While discussing the unfortunate financial condition of their private detective agency during breakfast, an executive of a jewelry story, Mr. Stone (Reardon's only client) calls him and demands to know why he hasn't shown up for an important meeting to discuss the recent robberies the store has experienced. Sally Reardon was supposed to give her husband a message about the meeting (which explains the string on her finger).

Reardon hurries off to meet with Mr. Stone and Mr. Davis (the jewelry store executives), along with Mrs. Nacelle (the wife of the rich owner of the store). Reardon informs them that he has a solid suspect for the crimes, a clerk named Charles Crenshaw (Gordon Oliver).

Meanwhile, Charles Crenshaw shows up at the Reardon Detective agency and wants to hire them to find out why he's being followed by an unknown man who recently searched his apartment. Sally Reardon pretends to be one of the agency's detectives, hoping to help her husband's failing business. She accepts Crenshaw's case.

Crenshaw is unaware that the man who followed him and searched is apartment was actually Bill Reardon himself, since he thinks Crenshaw is the thief.

That afternoon, Bill Reardon has lunch with the attractive Mrs. Nacelle (Margaret Lindsay), who informs him that her husband took over the jewelry store from Mr. Davis because he owed her husband money.  Mrs. Nacelle thinks Davis resents losing the store, and she suggests that he might be the thief.

Sally Reardon shows up at the restaurant and overhears her husband say that Charles Crenshaw (the agency's newest client) is also the chief suspect for the jewel thefts!  Believing Crenshaw is innocent, Sally quickly leaves the restaurant so she can call the young clerk at the jewelry store and warn him.  Soon afterwards, Bill Reardon and his agents apprehend Crenshaw.

That evening the Reardon's join Mr. and Mrs. Nacelle for dinner at a posh nightclub. The jewelry store's manager and former owner (Davis) is seen leaving the nightclub, and he deliberated picks up a note at the hat check stand which was left for Tony Croy (Stanley Ridges), a known mob boss.  Moments later Tony Croy arrives and asks the hat check girl if there's a note for him, but the girl says it was just picked up by another man who claimed to be Mr. Croy.

Davis leaves in a cab, and Croy jumps into a cab to follow him. In the cab, Davis reads the note he stole, which gives the location of some unnamed object located in a specific filing cabinet at the jewelry store. Davis goes to the jewelry store to find out what the note refers to, but he's shot by an unseen assailant.
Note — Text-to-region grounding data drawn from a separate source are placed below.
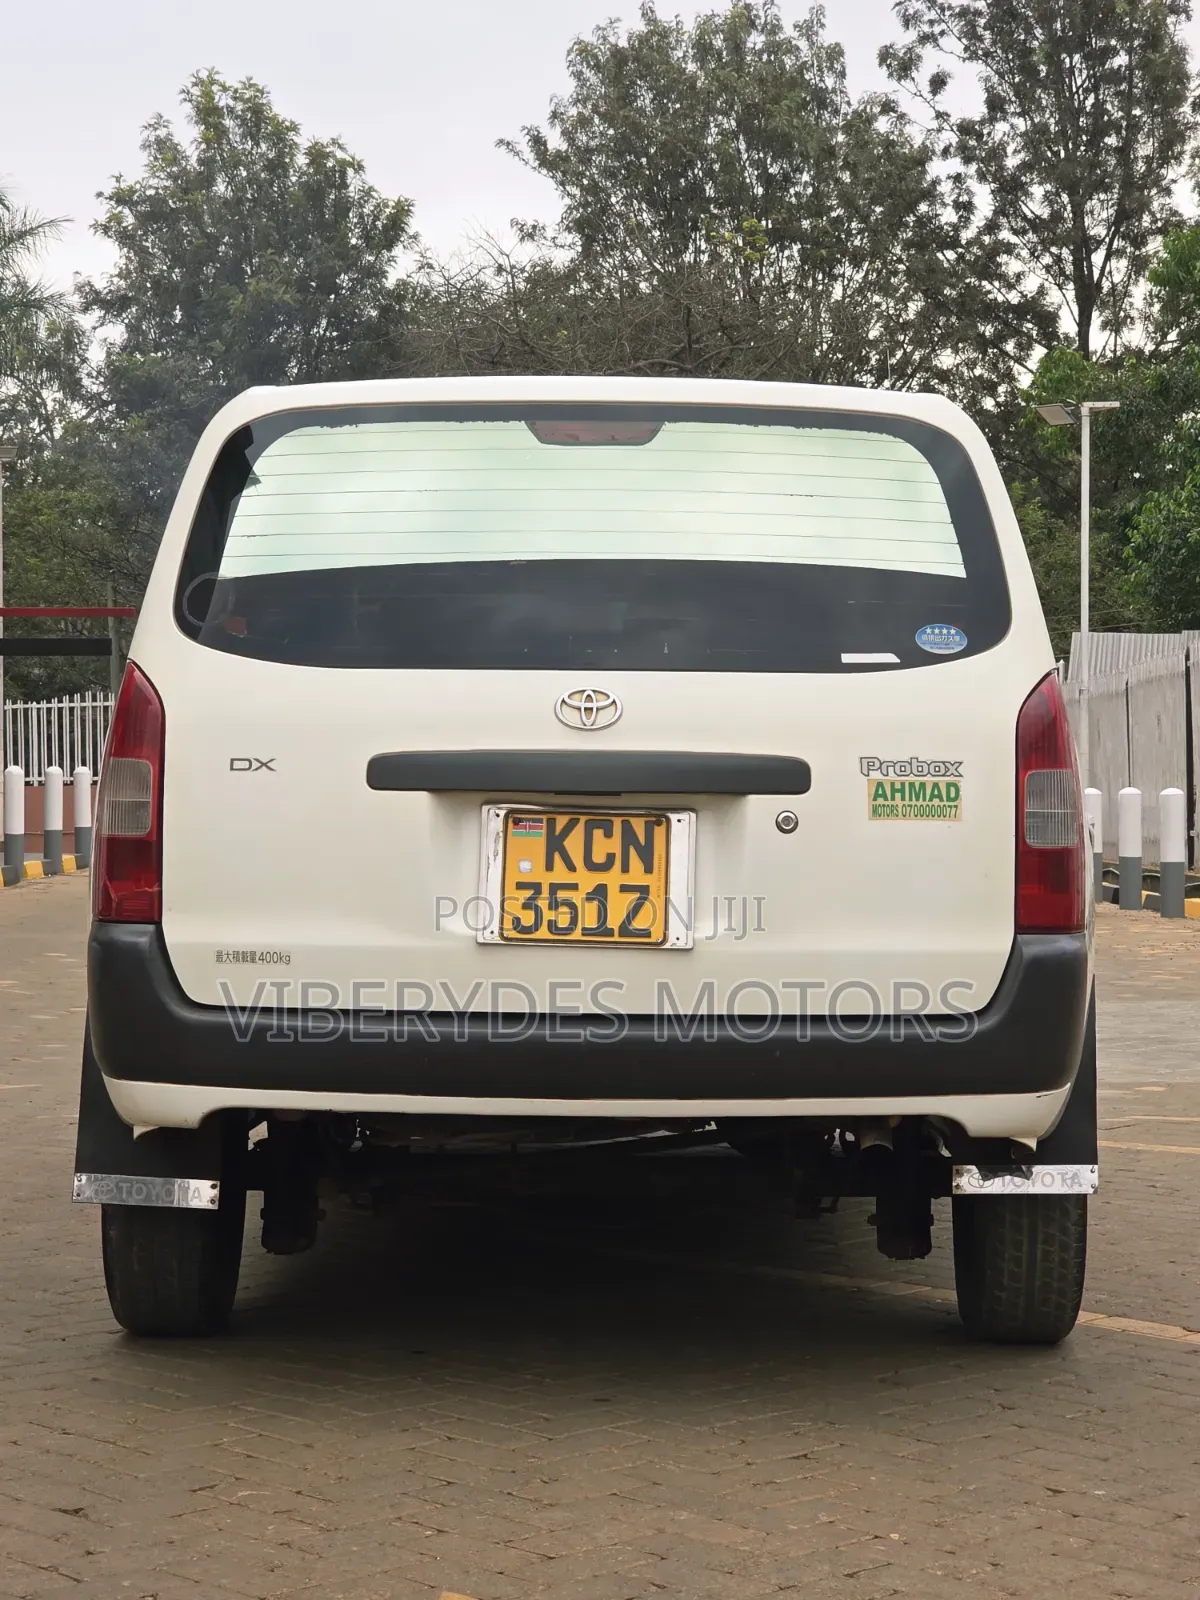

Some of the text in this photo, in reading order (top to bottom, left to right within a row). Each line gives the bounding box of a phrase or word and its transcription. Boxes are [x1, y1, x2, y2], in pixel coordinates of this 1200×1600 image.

[229, 757, 277, 771] DX
[859, 756, 964, 777] Probox
[872, 781, 961, 802] AHMAD
[871, 804, 958, 819] MOTORS 0700000077
[545, 817, 656, 874] KCN
[511, 881, 652, 938] 351Z
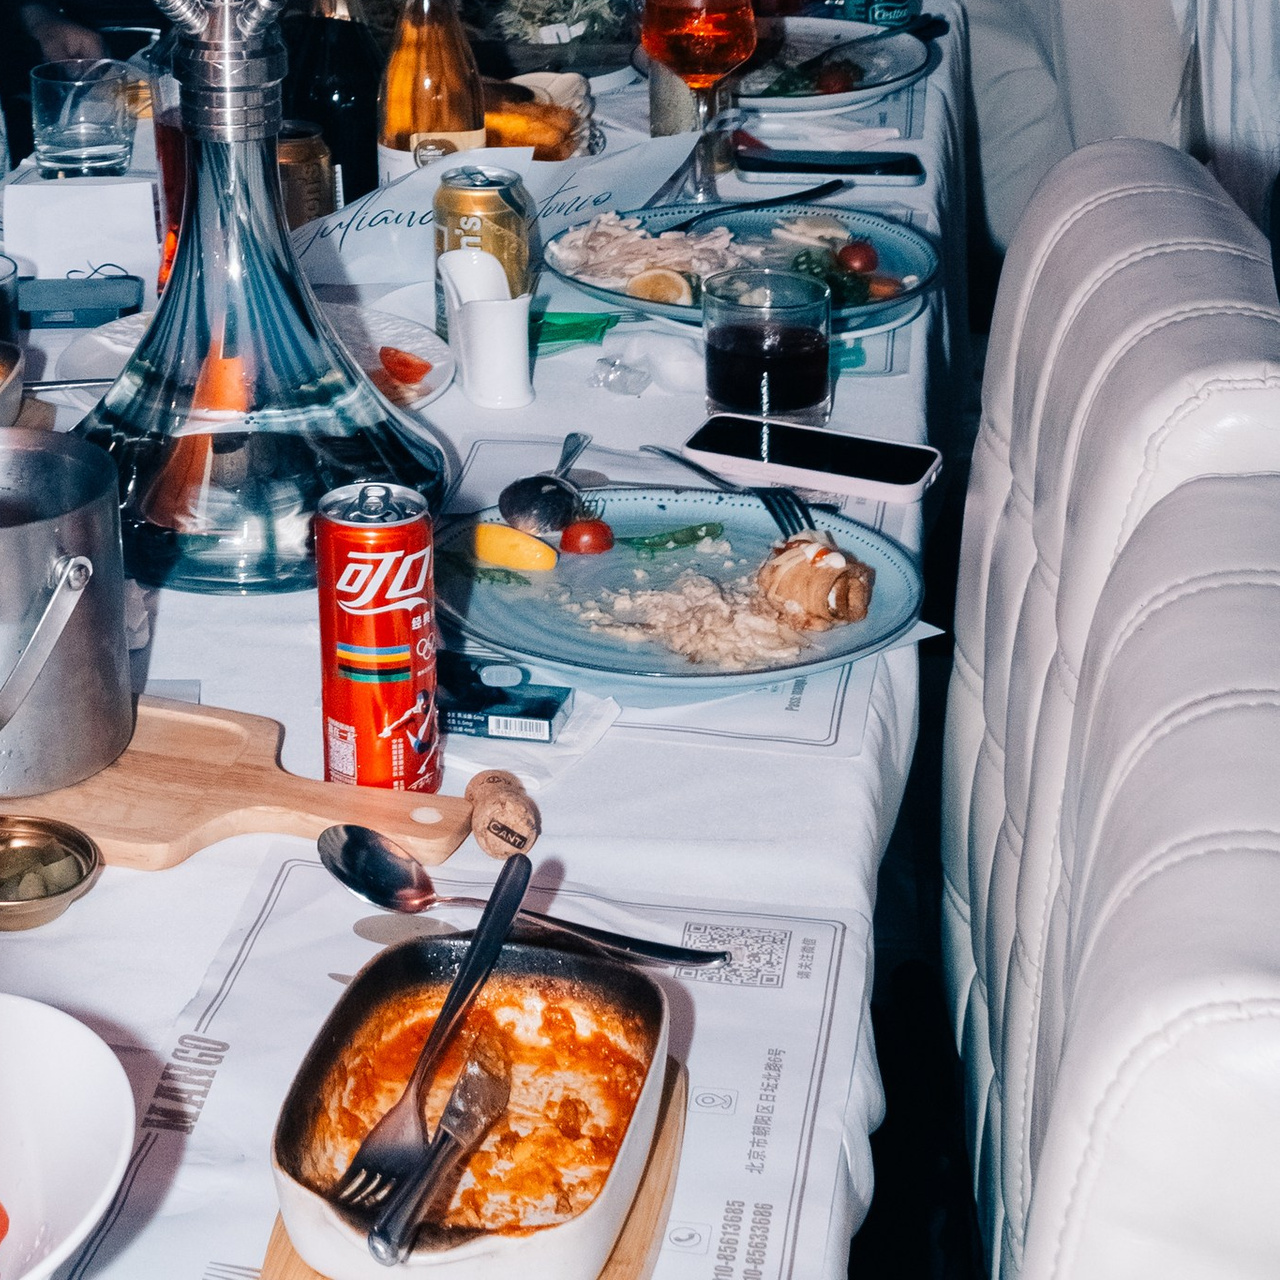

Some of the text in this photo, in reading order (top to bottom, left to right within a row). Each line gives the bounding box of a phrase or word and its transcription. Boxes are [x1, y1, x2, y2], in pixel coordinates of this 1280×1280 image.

[335, 544, 432, 613] 可口
[489, 820, 526, 849] CANTI
[140, 1033, 231, 1135] MANGO
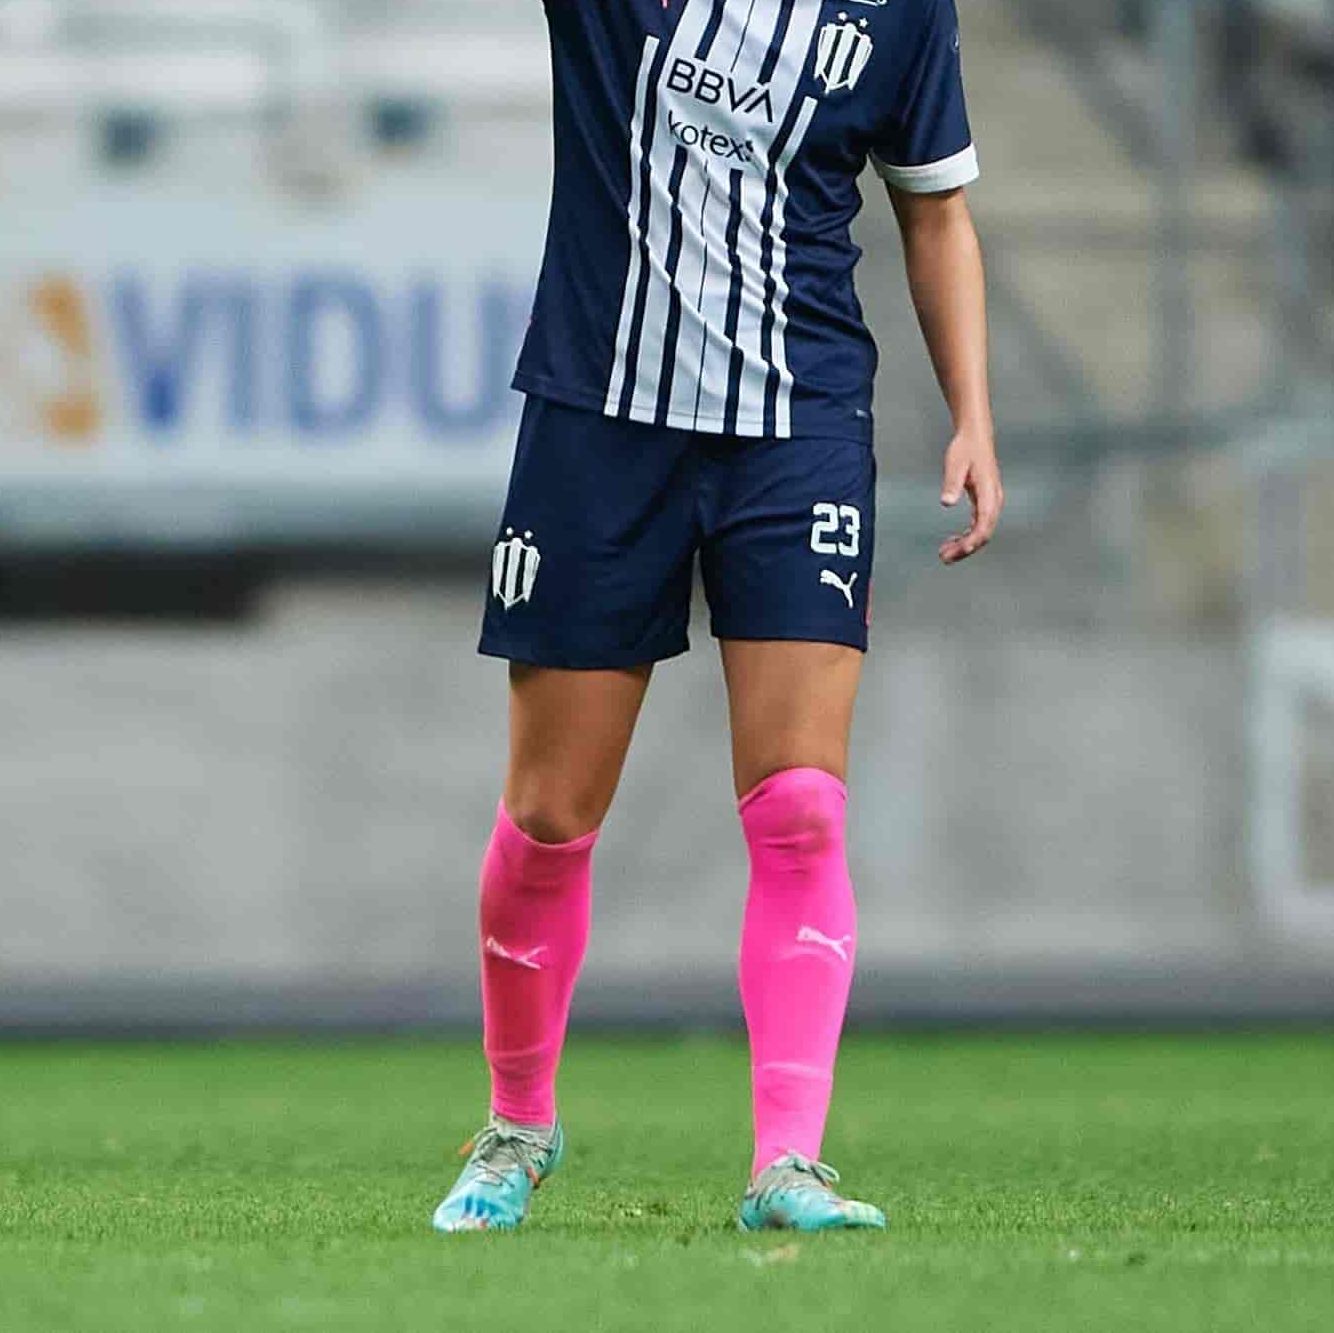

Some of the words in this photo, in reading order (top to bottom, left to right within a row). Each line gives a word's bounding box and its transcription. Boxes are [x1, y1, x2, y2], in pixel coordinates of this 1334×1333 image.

[667, 57, 773, 123] BBVA
[668, 109, 745, 162] kotex
[115, 270, 525, 438] VIDU
[810, 502, 861, 557] 23
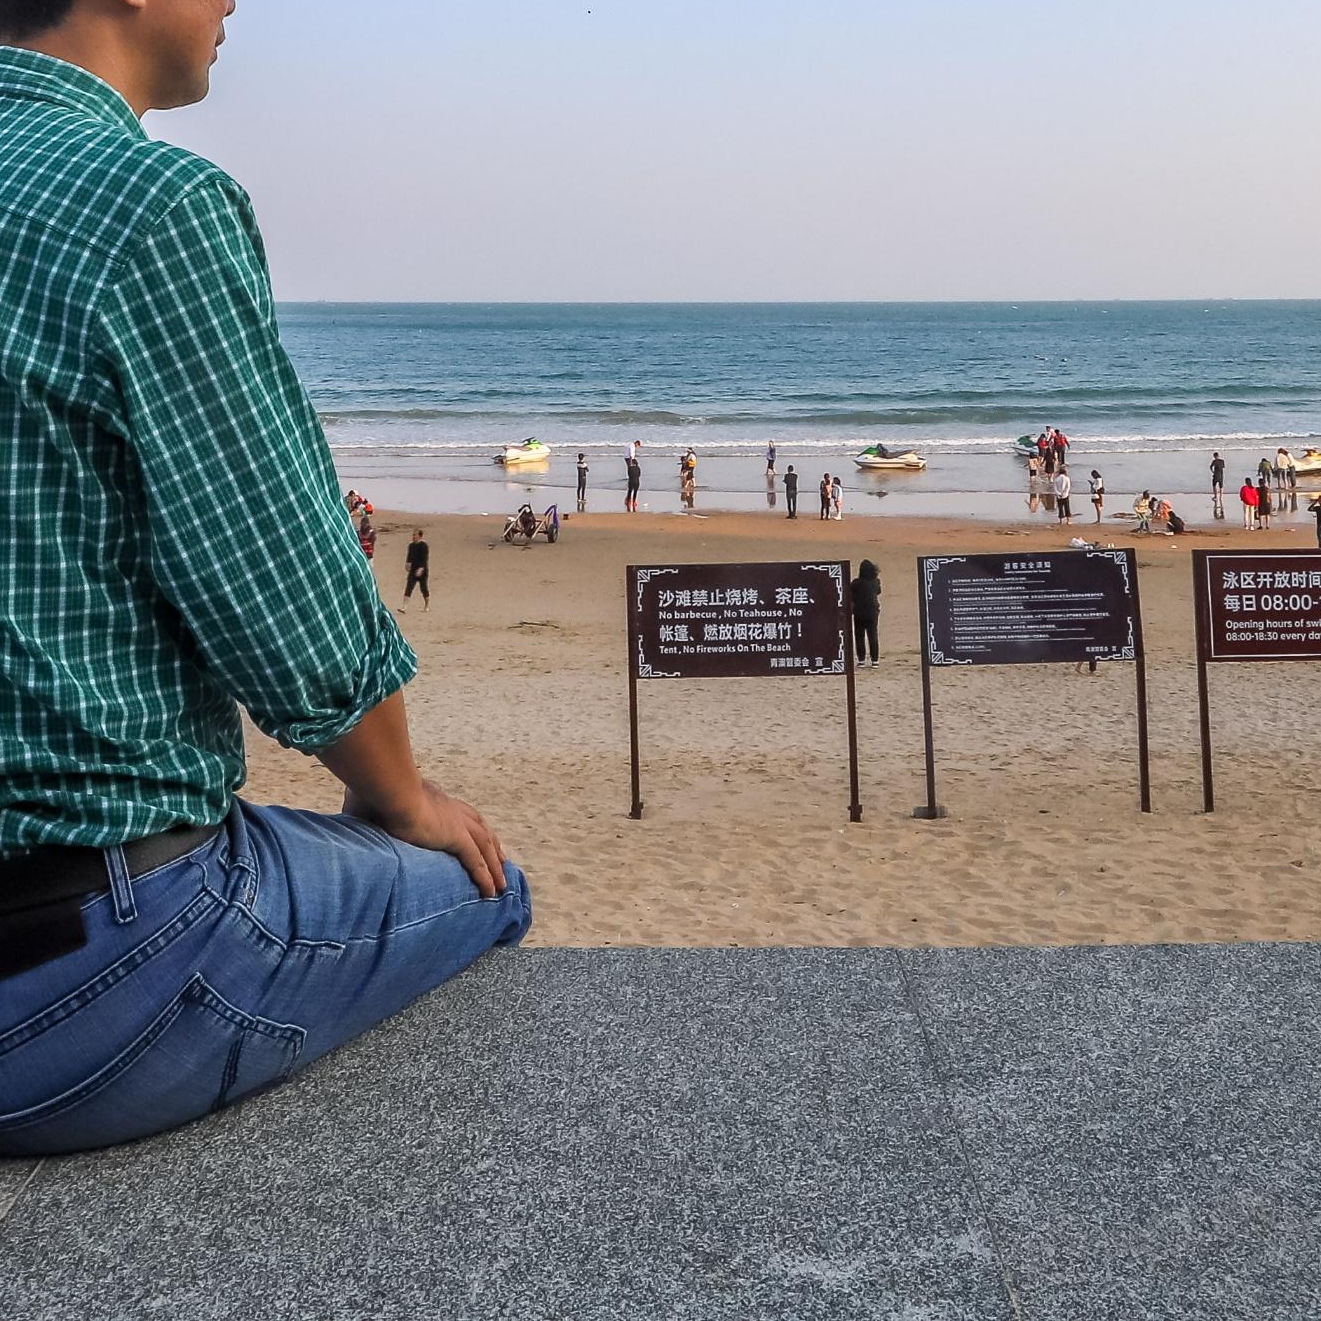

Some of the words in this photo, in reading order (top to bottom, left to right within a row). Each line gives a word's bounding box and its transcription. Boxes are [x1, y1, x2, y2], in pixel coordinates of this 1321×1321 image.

[1224, 595, 1256, 612] 每日
[659, 611, 672, 619] No
[789, 608, 802, 616] No
[1226, 620, 1264, 630] Opening
[1295, 619, 1303, 627] of
[1226, 632, 1278, 641] 08:00-18:30
[697, 644, 735, 653] Fireworks
[737, 644, 749, 652] On
[767, 643, 790, 651] Beach
Meanwhile, back at the nightclub, Sally devises a harebrained scheme to help clear Crenshaw of the robberies by stealing something from the jewelry store while Crenshaw is still in jail, which would prove he was not the culprit.  Using the keys she takes from Mrs. Nacelle's purse, she goes to the jewelry store and steals several items from a display case.

The next morning at the crime scene, the police detectives are busy collecting evidence. Bill Reardon secretly finds the note that Davis brought to the store the night before, and Reardon realizes that it's connected to the case.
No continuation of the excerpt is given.